Hutton's next feature film, Taps (with George C. Scott, Sean Penn, and Tom Cruise), was popular with critics and audiences, but during the next several years, his motion pictures, such as Iceman, Daniel, Turk 182, Made in Heaven, and Q&A, struggled at the box office. His only substantial hit was 1985's The Falcon and the Snowman which teamed him again with Sean Penn.

In 1984, he directed the music video for the song "Drive" by The Cars.

In 1989, he made his Broadway stage debut opposite his Ordinary People co-star Elizabeth McGovern in the A.R. Gurney play Love Letters. He followed this with another Broadway role in the Craig Lucas hit comedy, Prelude to a Kiss, which also starred Mary-Louise Parker and Barnard Hughes.

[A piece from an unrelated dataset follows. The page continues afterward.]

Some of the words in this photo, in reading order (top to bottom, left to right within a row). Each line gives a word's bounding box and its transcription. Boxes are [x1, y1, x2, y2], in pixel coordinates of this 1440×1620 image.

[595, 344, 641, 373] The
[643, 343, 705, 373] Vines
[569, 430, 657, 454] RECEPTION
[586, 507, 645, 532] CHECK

During the late 1980s and into the 1990s, Hutton began to take large supporting parts in films, most notably in Everybody's All-American with Jessica Lange and Dennis Quaid and French Kiss with Meg Ryan and Kevin Kline. In 1996, he starred in the popular ensemble film, Beautiful Girls, playing opposite 14-year-old Natalie Portman in one of her early standout film roles.

Moving on to television, he starred as Nero Wolfe's assistant and leg-man Archie Goodwin in the A&E television series A Nero Wolfe Mystery (2001–2002); he also served as an executive producer, and also directed several episodes of the series. His other directing credits include the family film Digging to China (1997). In 2001 Hutton starred in the television miniseries WW3, and in 2006 he had a lead role in the NBC series Kidnapped, playing Conrad Cain, the wealthy father of a kidnapped teenager. He appeared in 13 feature films from 2006 to 2008.

Hutton starred in the television series Leverage from 2008 to 2012, where he played former insurance investigator Nate Ford who led a group of thieves who acted as modern-day Robin Hoods.

In 2014, Hutton was cast opposite Felicity Huffman in John Ridley's ABC crime drama American Crime.

Other pursuits
Hutton is one of the owners of the New York City restaurant and bar P. J. Clarke's. In 2003 he became president of Players, a New York actors' club, but he resigned in June 2008 due to work keeping him in Los Angeles. He has also made a few forays into directing, the most famous of which includes the music video for the Cars' hit single "Drive" in 1984. In 2010, he directed the music video for "The House Rules" by country rocker/Leverage co-star Christian Kane. He also directed several episodes of A&E's A Nero Wolfe Mystery, in which he also starred.

Hutton starred in a Groupon commercial during the 2011 Super Bowl which drew public ire for the parodying of the Tibetan resistance movement. The commercials were pulled from rotation on February 10 after continued negative response from the public and activist groups.

Personal life

Hutton has been married twice. His first marriage (1986–1990) was to actress Debra Winger; they have a son, Noah, born in 1987.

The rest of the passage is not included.